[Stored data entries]
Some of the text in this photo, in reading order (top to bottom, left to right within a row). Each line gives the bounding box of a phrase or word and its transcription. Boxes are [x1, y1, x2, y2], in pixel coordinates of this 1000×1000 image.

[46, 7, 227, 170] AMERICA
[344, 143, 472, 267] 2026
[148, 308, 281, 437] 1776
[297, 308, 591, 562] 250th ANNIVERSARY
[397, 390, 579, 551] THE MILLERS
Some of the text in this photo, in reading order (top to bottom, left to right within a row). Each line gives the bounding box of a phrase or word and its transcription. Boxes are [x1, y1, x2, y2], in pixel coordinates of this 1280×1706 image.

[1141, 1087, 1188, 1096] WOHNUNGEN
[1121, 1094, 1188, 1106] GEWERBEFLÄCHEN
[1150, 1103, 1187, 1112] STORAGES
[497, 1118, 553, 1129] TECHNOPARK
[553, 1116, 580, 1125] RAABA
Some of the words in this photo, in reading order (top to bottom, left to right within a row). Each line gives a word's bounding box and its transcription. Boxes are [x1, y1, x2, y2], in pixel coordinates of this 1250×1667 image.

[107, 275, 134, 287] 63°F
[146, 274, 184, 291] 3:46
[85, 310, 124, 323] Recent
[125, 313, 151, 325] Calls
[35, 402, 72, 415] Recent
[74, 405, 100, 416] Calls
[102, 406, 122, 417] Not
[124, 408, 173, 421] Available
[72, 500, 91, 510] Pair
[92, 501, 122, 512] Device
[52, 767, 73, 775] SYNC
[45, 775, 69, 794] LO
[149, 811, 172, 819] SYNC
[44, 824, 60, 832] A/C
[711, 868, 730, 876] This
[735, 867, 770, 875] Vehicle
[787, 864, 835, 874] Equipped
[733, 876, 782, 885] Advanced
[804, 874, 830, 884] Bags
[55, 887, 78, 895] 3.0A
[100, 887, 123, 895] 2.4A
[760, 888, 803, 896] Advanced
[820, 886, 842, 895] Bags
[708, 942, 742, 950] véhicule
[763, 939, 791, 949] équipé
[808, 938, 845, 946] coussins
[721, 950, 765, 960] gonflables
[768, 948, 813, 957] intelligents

#### YOUR OBJECTIVE:
The full data must appear again, retyped in every detail.

#### RESULT FOR THIS EXERCISE:
Some of the text in this photo, in reading order (top to bottom, left to right within a row). Each line gives the bounding box of a phrase or word and its transcription. Boxes are [x1, y1, x2, y2], in pixel coordinates of this 1000×1000 image.

[46, 7, 227, 170] AMERICA
[344, 143, 472, 267] 2026
[148, 308, 281, 437] 1776
[297, 308, 591, 562] 250th ANNIVERSARY
[397, 390, 579, 551] THE MILLERS
Some of the text in this photo, in reading order (top to bottom, left to right within a row). Each line gives the bounding box of a phrase or word and its transcription. Boxes are [x1, y1, x2, y2], in pixel coordinates of this 1280×1706 image.

[1141, 1087, 1188, 1096] WOHNUNGEN
[1121, 1094, 1188, 1106] GEWERBEFLÄCHEN
[1150, 1103, 1187, 1112] STORAGES
[497, 1118, 553, 1129] TECHNOPARK
[553, 1116, 580, 1125] RAABA
Some of the words in this photo, in reading order (top to bottom, left to right within a row). Each line gives a word's bounding box and its transcription. Boxes are [x1, y1, x2, y2], in pixel coordinates of this 1250×1667 image.

[107, 275, 134, 287] 63°F
[146, 274, 184, 291] 3:46
[85, 310, 124, 323] Recent
[125, 313, 151, 325] Calls
[35, 402, 72, 415] Recent
[74, 405, 100, 416] Calls
[102, 406, 122, 417] Not
[124, 408, 173, 421] Available
[72, 500, 91, 510] Pair
[92, 501, 122, 512] Device
[52, 767, 73, 775] SYNC
[45, 775, 69, 794] LO
[149, 811, 172, 819] SYNC
[44, 824, 60, 832] A/C
[711, 868, 730, 876] This
[735, 867, 770, 875] Vehicle
[787, 864, 835, 874] Equipped
[733, 876, 782, 885] Advanced
[804, 874, 830, 884] Bags
[55, 887, 78, 895] 3.0A
[100, 887, 123, 895] 2.4A
[760, 888, 803, 896] Advanced
[820, 886, 842, 895] Bags
[708, 942, 742, 950] véhicule
[763, 939, 791, 949] équipé
[808, 938, 845, 946] coussins
[721, 950, 765, 960] gonflables
[768, 948, 813, 957] intelligents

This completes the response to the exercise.